Baby Ray: Pop Gone Right (Live review)
The Boston Phoenix, January 14, 1999
Live & on Record: Jonathan Perry
(read the full article)
Baby Ray's clever kind of contortionist pop, with its pretzel-shaped melodies and impishly bratty wordplay, is not the easiest of styles to pull off. Cleverness can get annoying in a hurry when it's done solely in the name of cleverness. And it's the rare band or artist who can deploy deranged time changes and dementia-addled narratives with humor and (most important) hooks. Robyn Hitchcock, whom Baby Ray evoke on their "MFG," is one such citizen of the surreal. XTC, whom Baby Ray brought to mind on just about everything else, is another. But the moment the foursome -- Groat, guitarist and second vocalist Ken Lafler, drummer Nathan Logus, and bassist Paul Simonoff -- lit out for the loopy orange-and-lemon territories of their current single, "Never Know My Name," then bounded merrily into "Buster Pig Man," you just knew their sonic sleight-of-hand could have left Andy Partridge adjusting his spectacles in delight and disbelief.
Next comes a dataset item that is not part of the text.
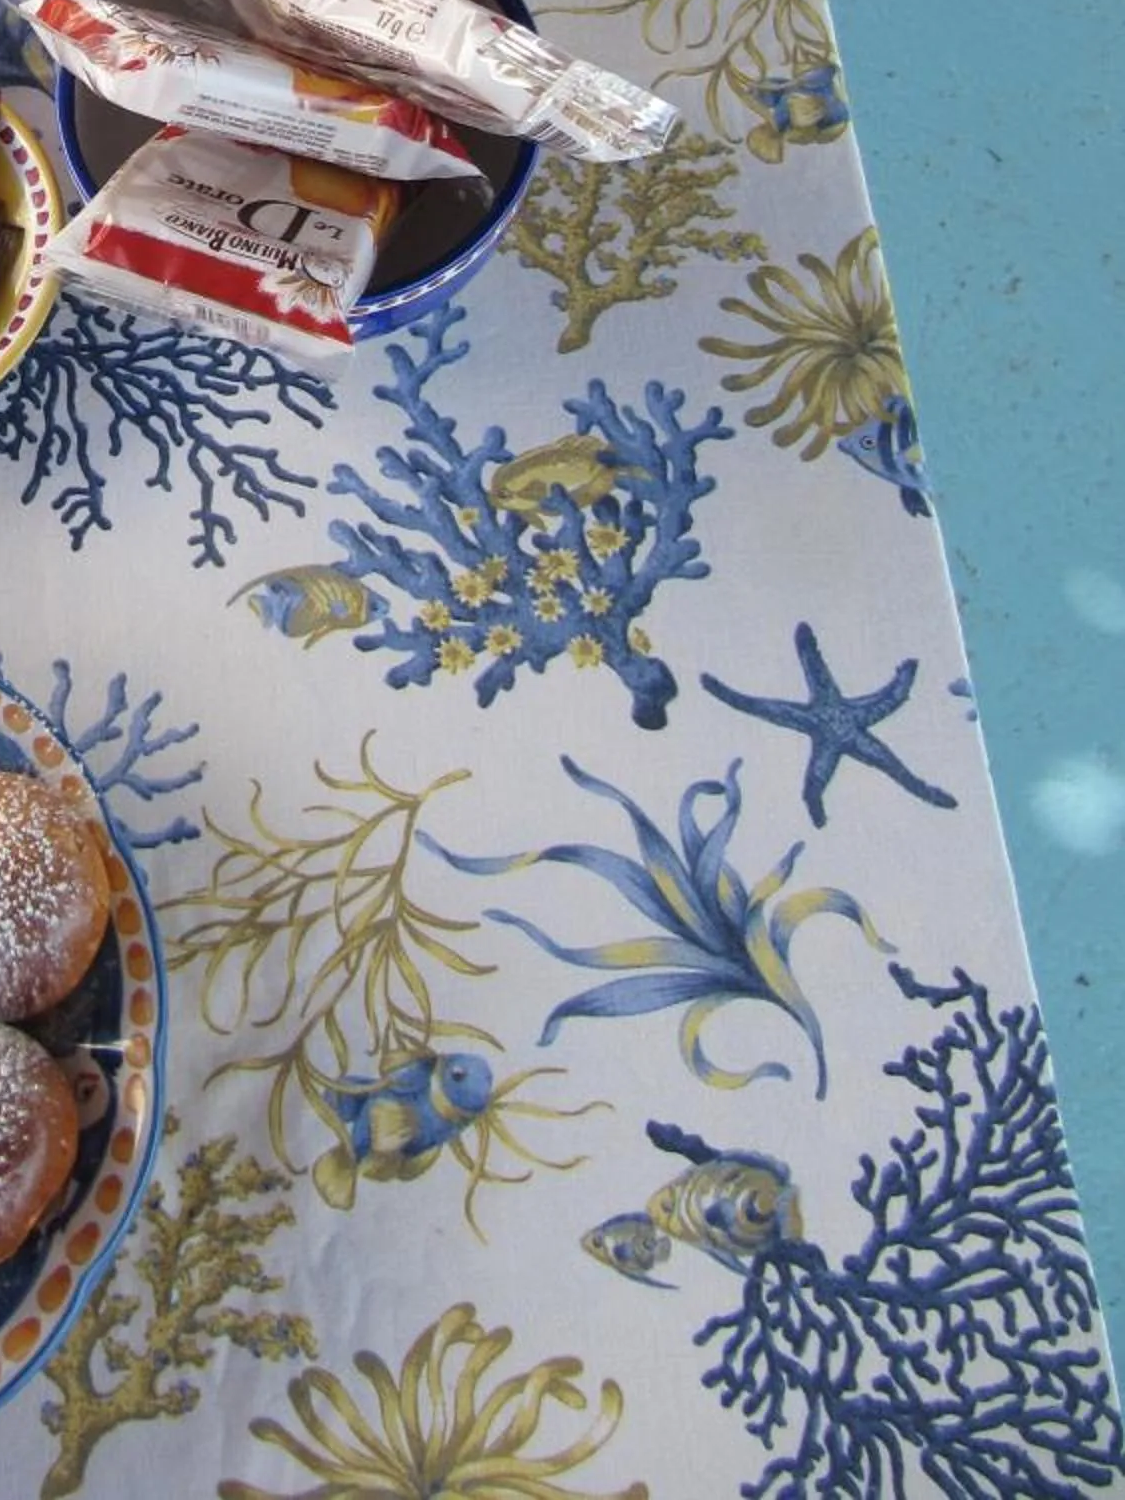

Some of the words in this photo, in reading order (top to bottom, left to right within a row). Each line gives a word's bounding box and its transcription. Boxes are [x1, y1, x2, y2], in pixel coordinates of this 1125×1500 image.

On "The Ballad of Baby Ray," the band were like a Rubik's Cube that had discovered the solution to its own enigmatic puzzles, leaving listeners to ponder the riddle of lyrics like "Outslur the slang bums with infant vocabulary/Stuttering silver miracles atmospherical so moronic and partially demonic." Lafler, supplying strong counterpoint harmonies and sinewy yet restrained runs on lead guitar, was a perfect foil for the magnetic Groat's more hyperbolic leanings. Meanwhile, Simonoff and Logus made for a whip-smart rhythm section of impeccable timing and punch, highlighting the already vivid colors of the bouncing "Buster Pig Man" and the new-wave stutter of "Sorry." It was delirious and focused and very tight -- not so much "pop gone wrong," as Baby Ray have wryly described their sound, but rather pop gone very, very right.